Wesley and Count Zinzendorf, and many others who followed in their shoes, preached a gospel of justification and sanctification, with power for great moral transformation and liberation from sinful bondages. The Faith Cure movement, the Pentecostal movement, the Charismatic movement, and the Third Wave movement have all attempted to recover the gospel of Paul that needs to be fully proclaimed with not only justification and sanctification but also healing and deliverance.

The difficulty for cessationists is that their doctrine is not substantiated by the facts of history. An examination of the history of the Church and the biblical and theological foundations of healing repudiates cessationism. The “manifestation” and “power” gifts did not die out with the last of the original apostles, and Scripture bears witness to this truth. These “gifts” were given to the Church at Pentecost and have remained available to all believers throughout the history of the Church, and many have appropriated them to the glory of God.
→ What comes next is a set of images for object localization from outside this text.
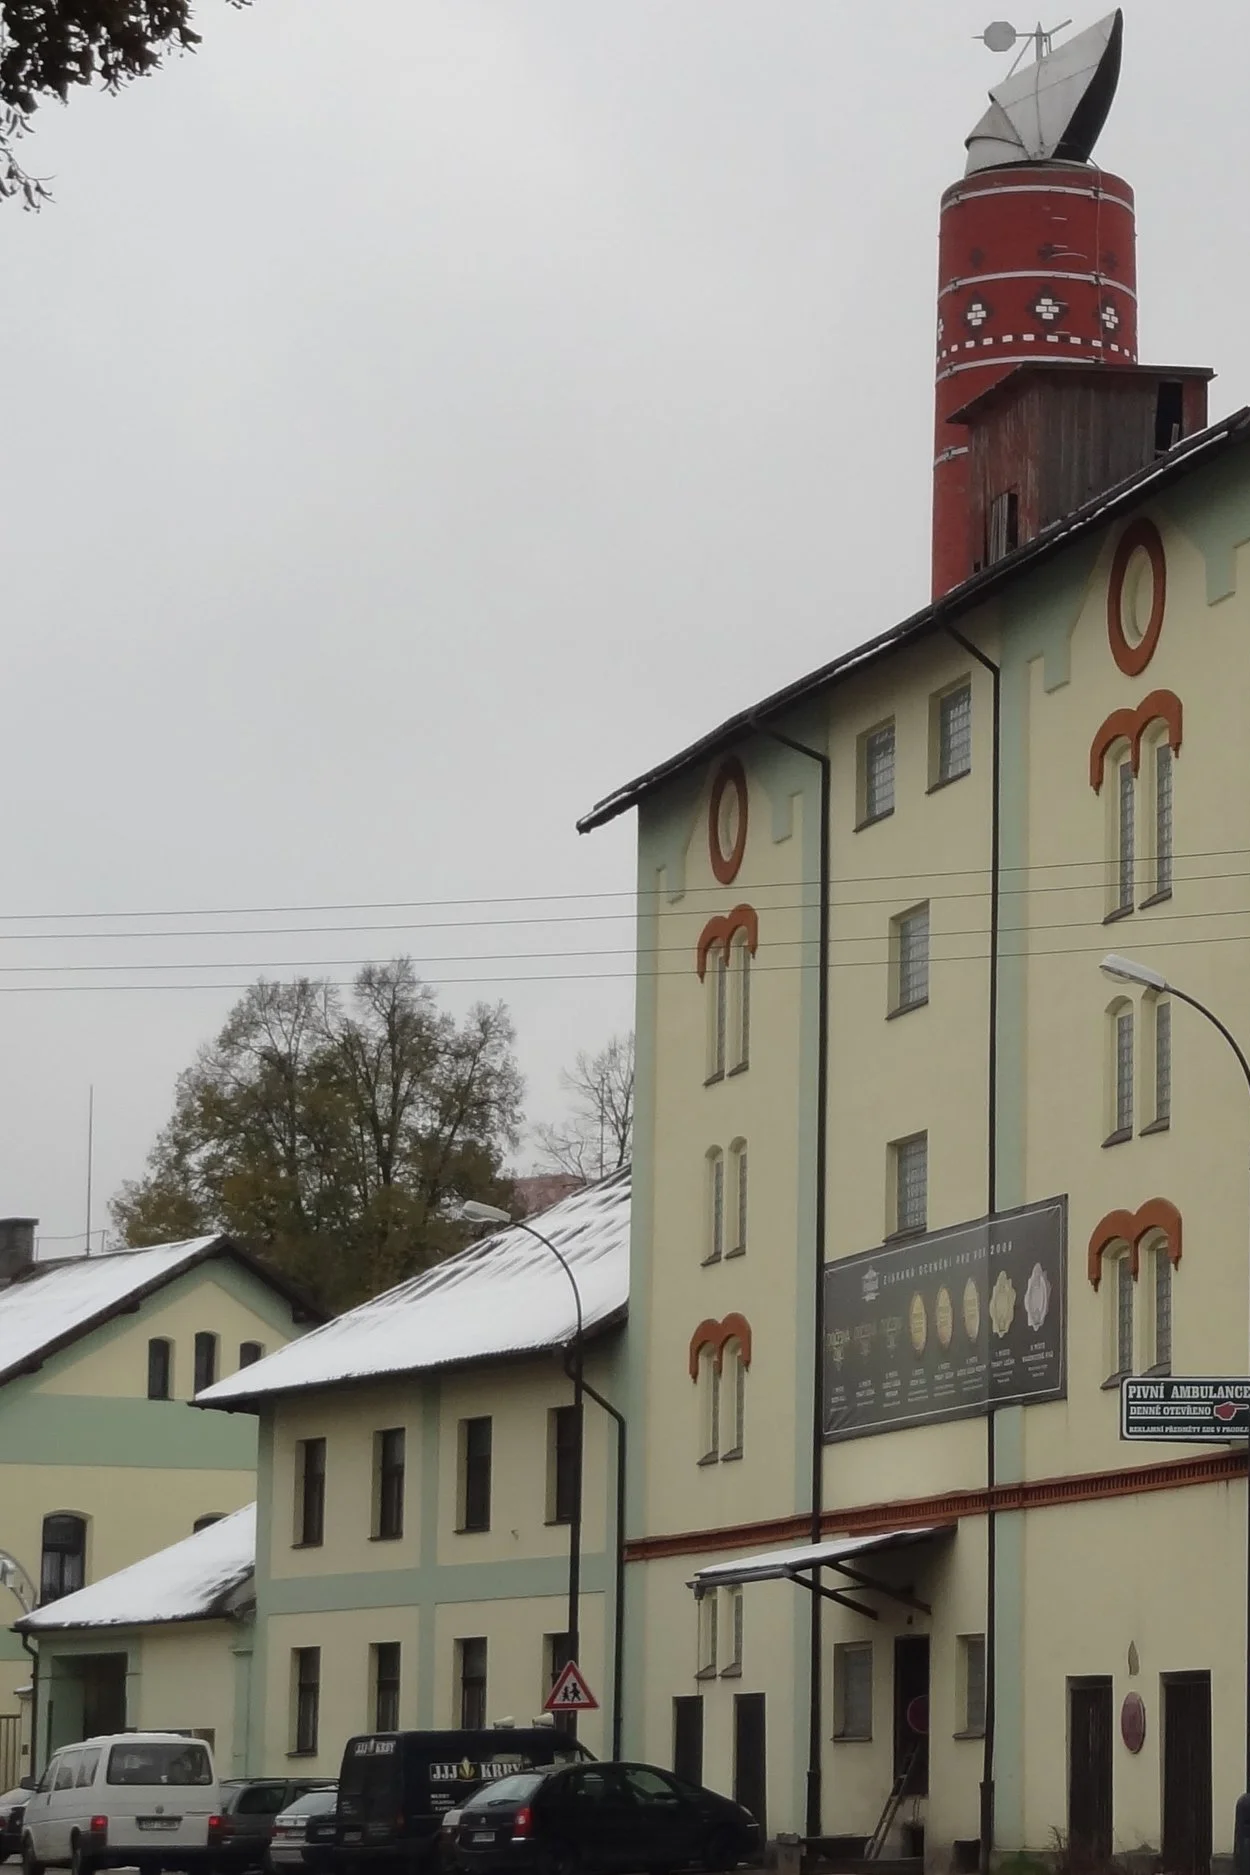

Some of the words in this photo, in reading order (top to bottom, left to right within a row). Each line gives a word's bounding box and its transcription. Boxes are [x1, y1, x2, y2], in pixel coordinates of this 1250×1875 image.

[1128, 1382, 1164, 1399] PIVNÍ
[1171, 1385, 1250, 1399] AMBULANCE
[1163, 1404, 1211, 1416] OTEVŘENO
[433, 1765, 458, 1779] JJJ
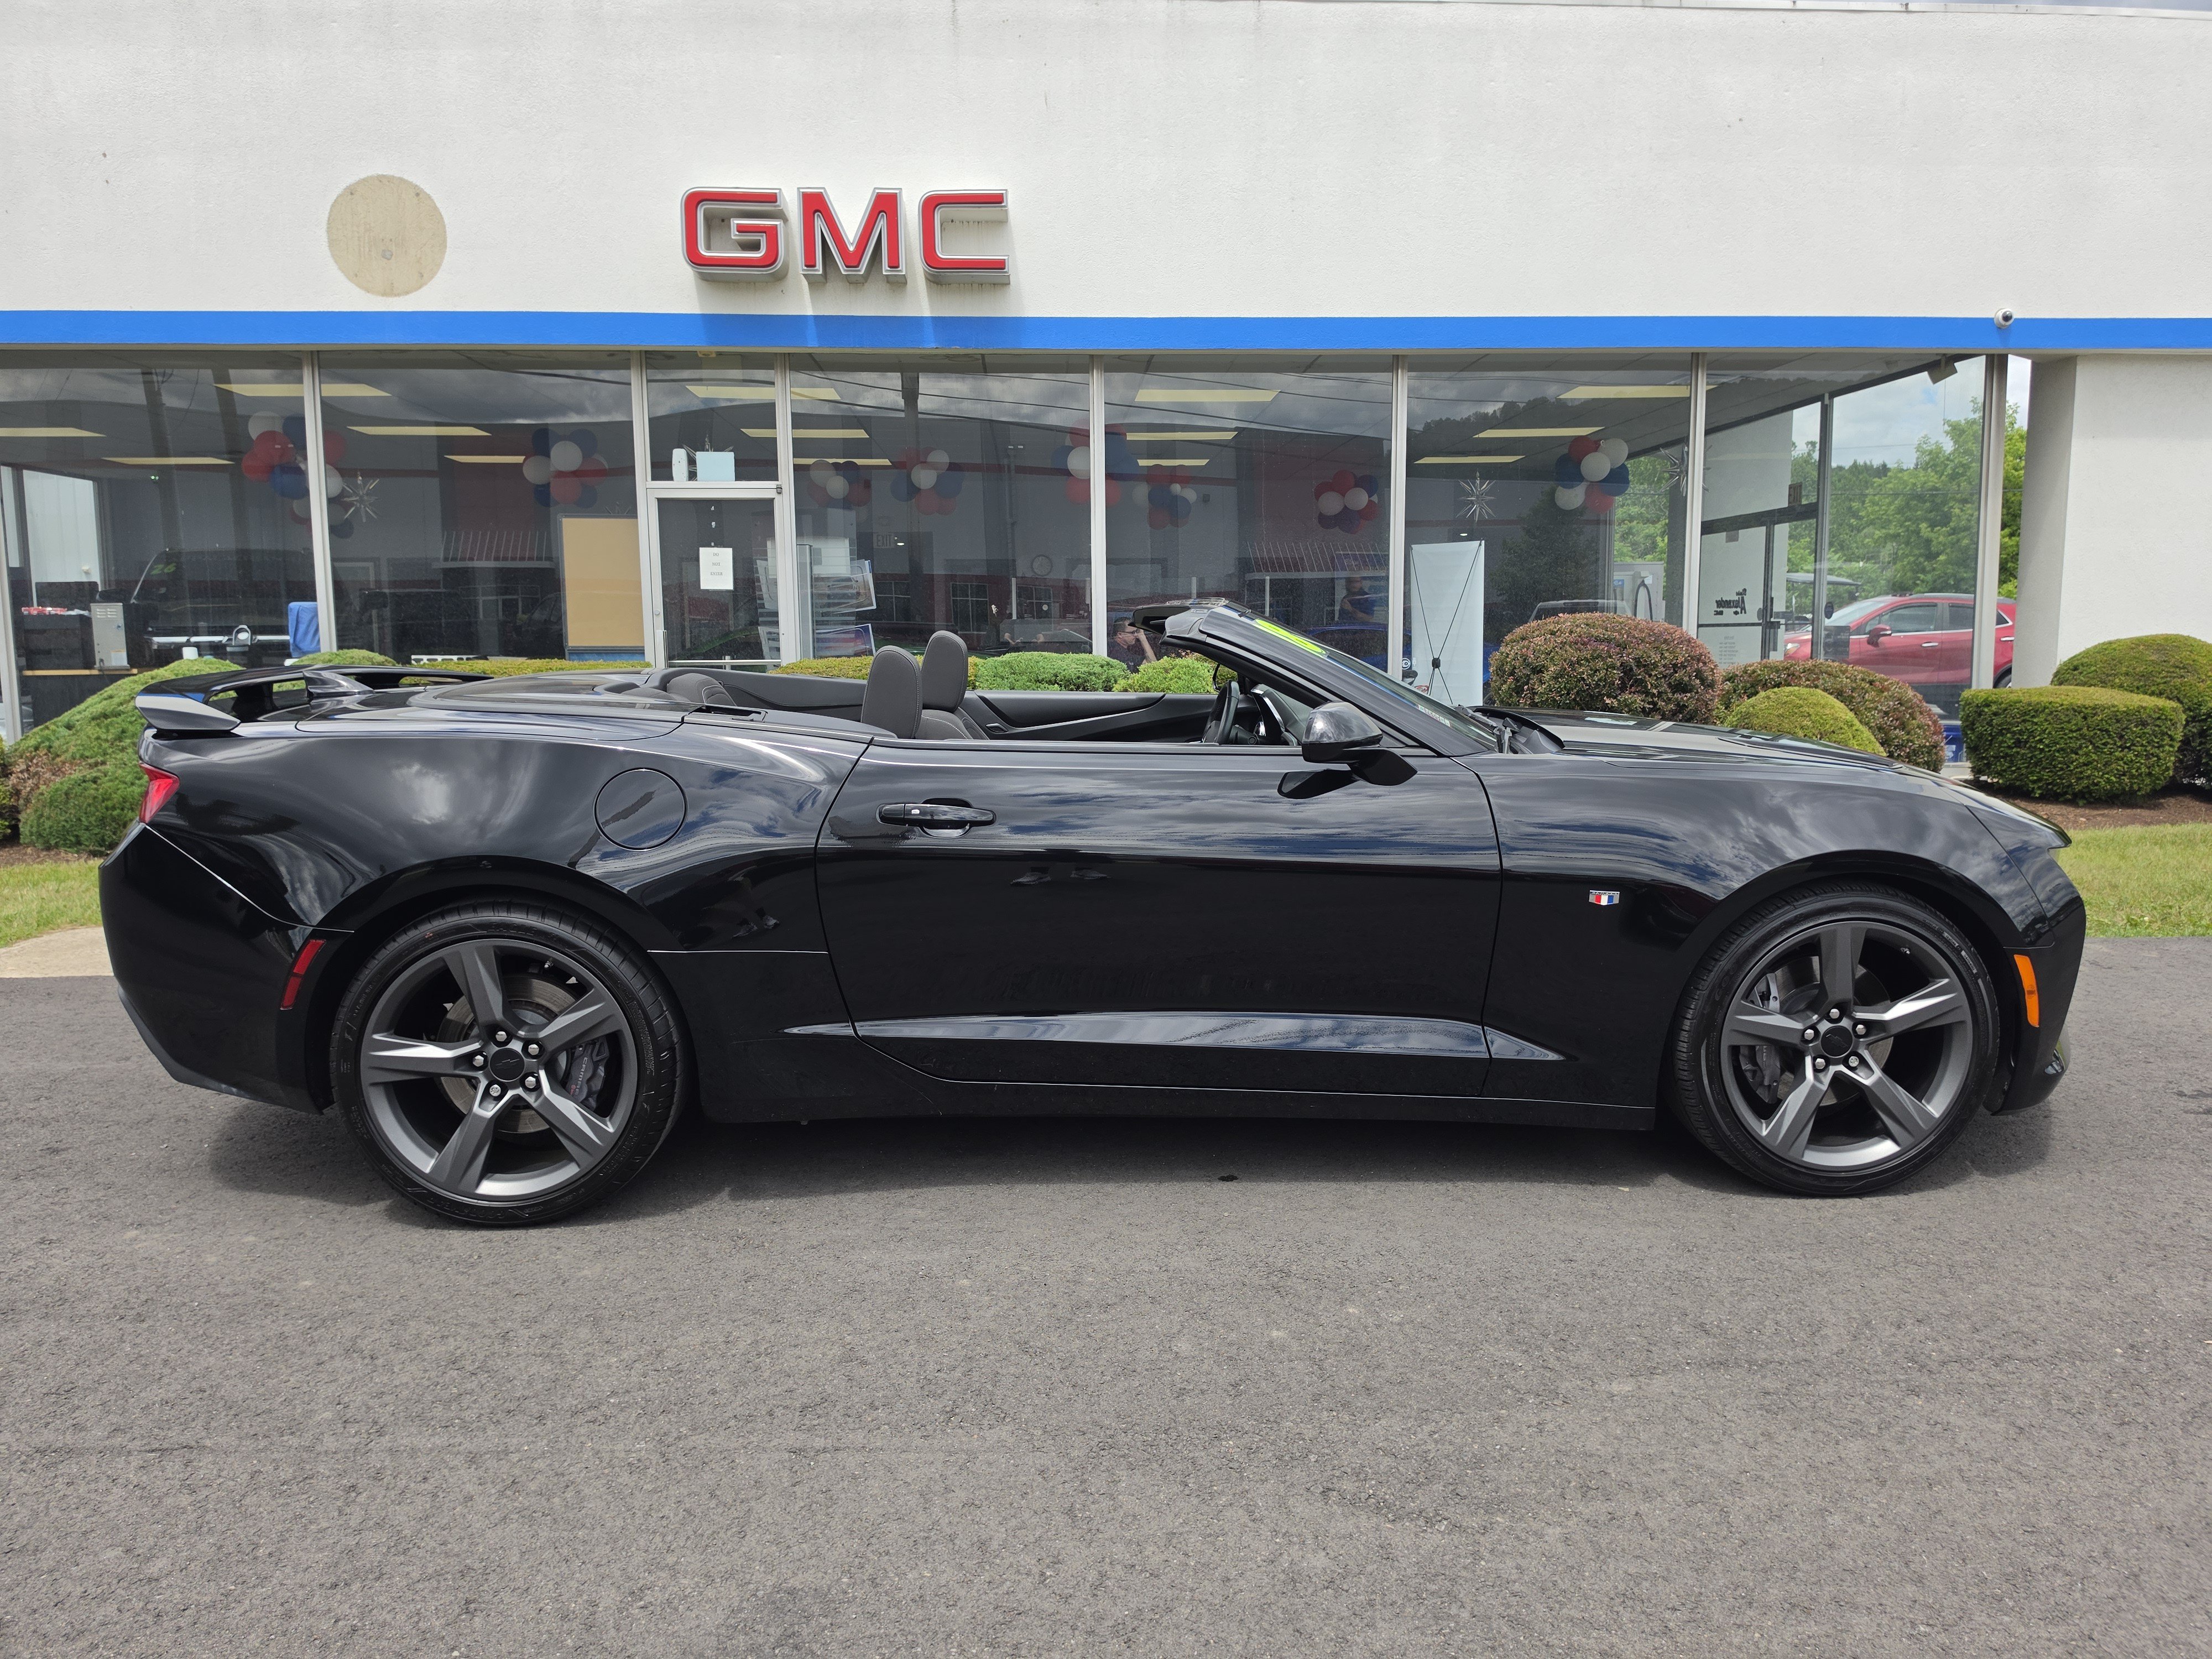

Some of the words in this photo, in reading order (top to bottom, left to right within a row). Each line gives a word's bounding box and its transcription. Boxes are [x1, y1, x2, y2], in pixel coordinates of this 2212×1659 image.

[681, 186, 1010, 275] GMC
[876, 534, 892, 547] EXIT
[575, 1057, 588, 1096] CAMAR
THE EARLY CHURCH FATHERS AND HEALING MIRACLES

The following excerpts are taken from the writings of the Ante-Nicene fathers, those who wrote before the Council of Nicea in A.D. 325. Their ministries of healing and deliverance give witness and testimony to the fact of the Spirit’s miraculous gifts working in their time. These gifts of God’s manifest power are core elements of the gospel of salvation to the whole man, not “emotional esoteric experiences” as some would try and characterize the signs and wonders in the history of the church down to the present day. Critics of Jonathan Edwards accused him of being involved with “strange fire” during the First Great Awakening. However, history sided with Edwards rather than his critic, Charles Chauncey.2

The Anti-Nicene fathers preached a Jesus who cared about releasing captives from demonic influences as well as freeing people from their bondage to sin. In short, they preached the Good News. They preached a Jesus of compassion who cared about the sickness of people’s bodies as well as their souls. An emphasis upon the soul without concern for the body is indicative of Gnostic influence.